=== What to do ===
Return the data below exactly, please, but drop the pictures.

[[ Records supplied, beginning ]]

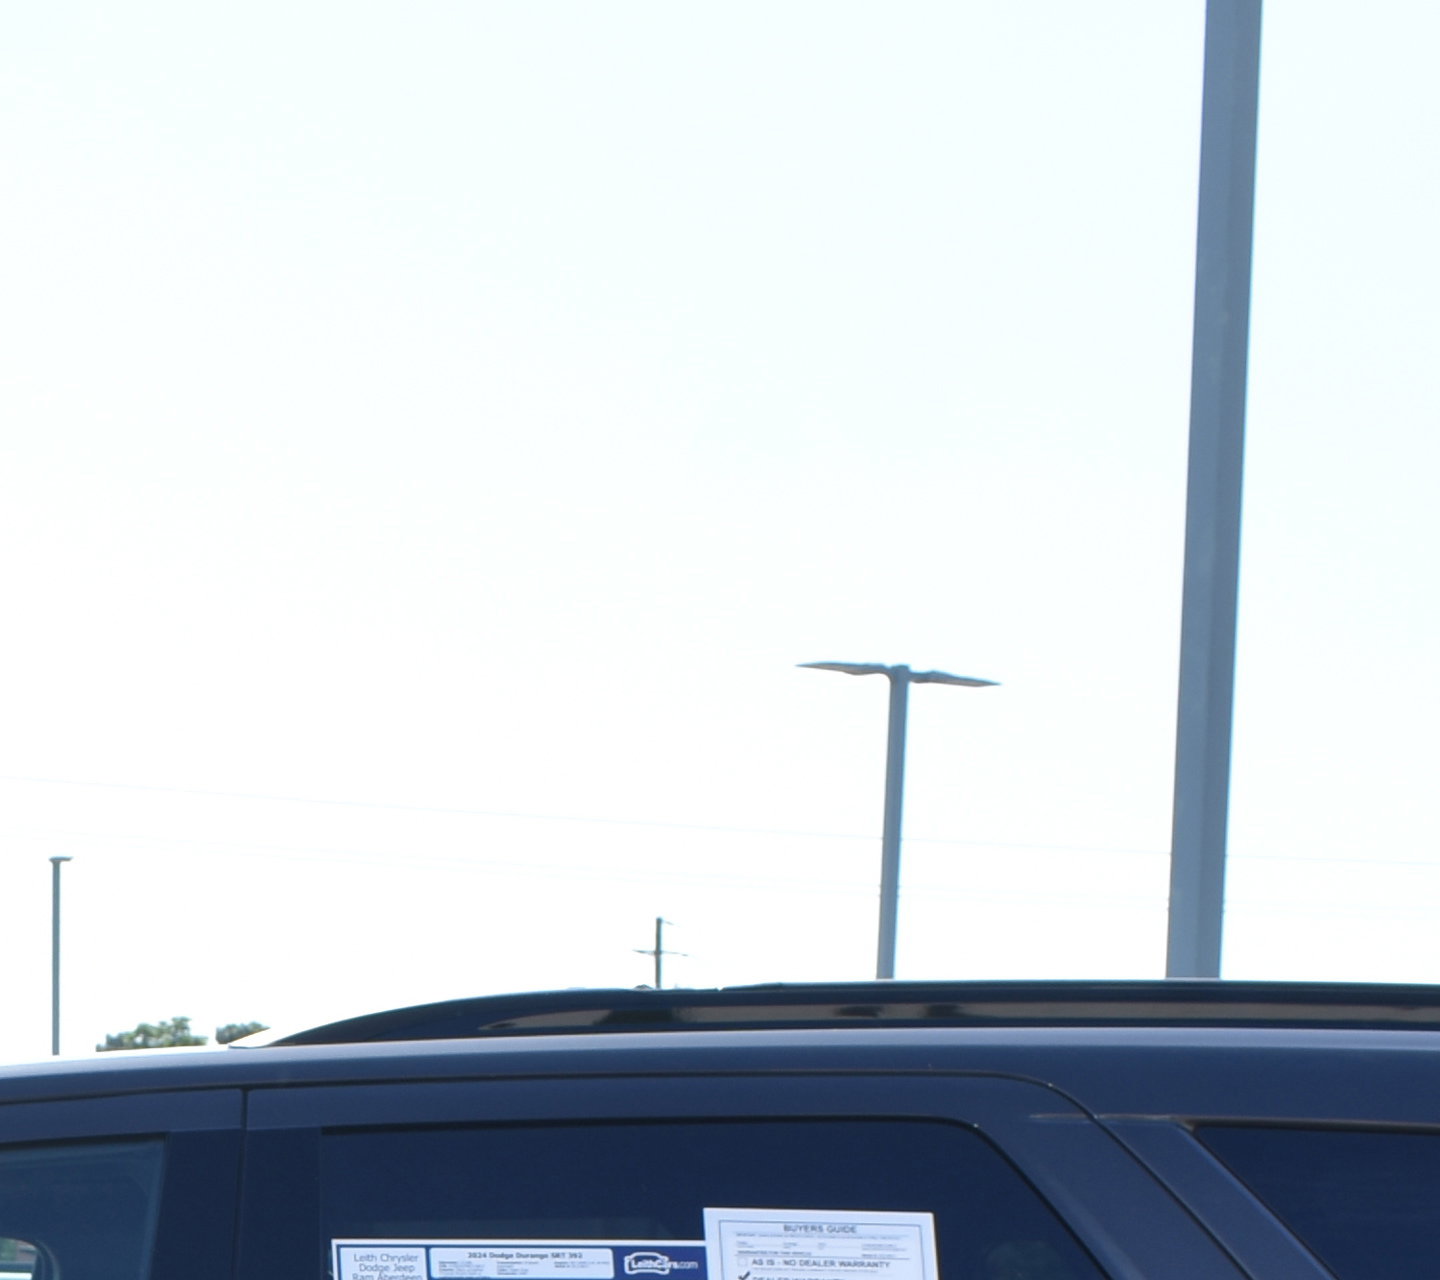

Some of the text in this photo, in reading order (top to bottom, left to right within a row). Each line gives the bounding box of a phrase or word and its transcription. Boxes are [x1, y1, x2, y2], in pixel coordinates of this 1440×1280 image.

[783, 1224, 857, 1233] BUYERS GUIDE
[353, 1253, 418, 1264] Leith Chrysler
[489, 1252, 514, 1260] Dodge
[359, 1263, 416, 1273] Dodge Jeep
[839, 1260, 891, 1268] WARRANTY
[352, 1272, 423, 1280] Ram Aberdeen
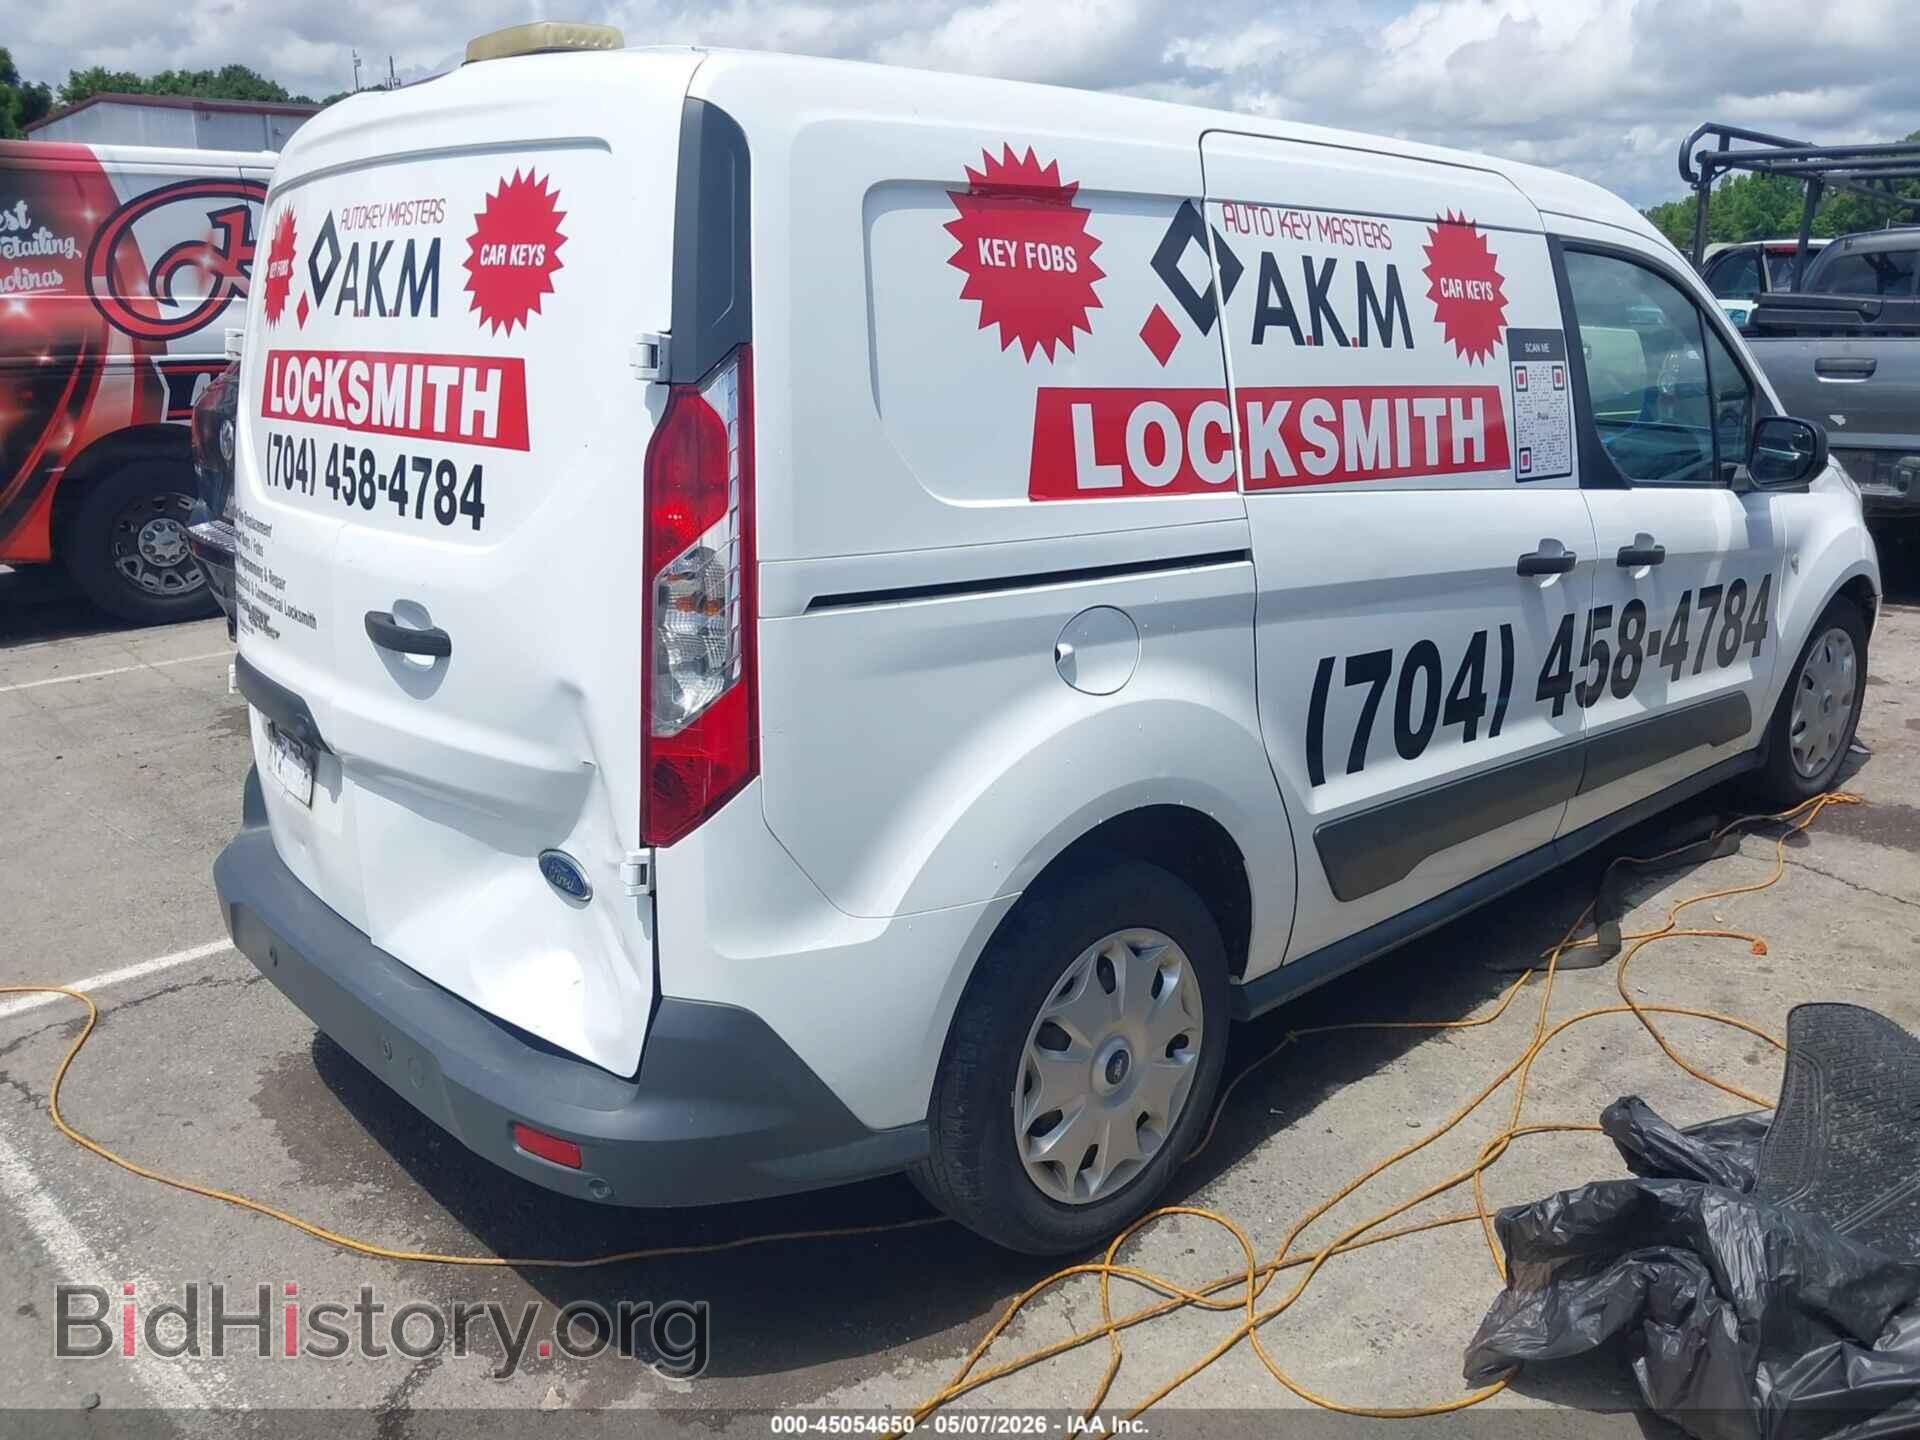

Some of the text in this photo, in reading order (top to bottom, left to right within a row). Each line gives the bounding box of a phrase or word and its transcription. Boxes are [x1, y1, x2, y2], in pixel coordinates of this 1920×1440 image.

[387, 198, 447, 227] MASTERS
[1223, 200, 1393, 250] AUTO KEY MASTERS
[334, 237, 441, 318] A.K.M
[479, 243, 546, 267] CAR KEYS
[977, 236, 1078, 273] KEY FOBS
[1440, 277, 1494, 302] CAR KEYS
[1251, 251, 1415, 349] A.K.M
[270, 356, 502, 439] LOCKSMITH
[267, 432, 485, 531] (704) 458-4784
[1071, 397, 1486, 490] LOCKSMITH
[1306, 574, 1773, 788] (704) 458-4784

[[ Records supplied, end ]]

=== The completed task ===
Some of the text in this photo, in reading order (top to bottom, left to right within a row). Each line gives the bounding box of a phrase or word and its transcription. Boxes are [x1, y1, x2, y2], in pixel coordinates of this 1440×1280 image.

[783, 1224, 857, 1233] BUYERS GUIDE
[353, 1253, 418, 1264] Leith Chrysler
[489, 1252, 514, 1260] Dodge
[359, 1263, 416, 1273] Dodge Jeep
[839, 1260, 891, 1268] WARRANTY
[352, 1272, 423, 1280] Ram Aberdeen

Some of the text in this photo, in reading order (top to bottom, left to right within a row). Each line gives the bounding box of a phrase or word and its transcription. Boxes are [x1, y1, x2, y2], in pixel coordinates of this 1920×1440 image.

[387, 198, 447, 227] MASTERS
[1223, 200, 1393, 250] AUTO KEY MASTERS
[334, 237, 441, 318] A.K.M
[479, 243, 546, 267] CAR KEYS
[977, 236, 1078, 273] KEY FOBS
[1440, 277, 1494, 302] CAR KEYS
[1251, 251, 1415, 349] A.K.M
[270, 356, 502, 439] LOCKSMITH
[267, 432, 485, 531] (704) 458-4784
[1071, 397, 1486, 490] LOCKSMITH
[1306, 574, 1773, 788] (704) 458-4784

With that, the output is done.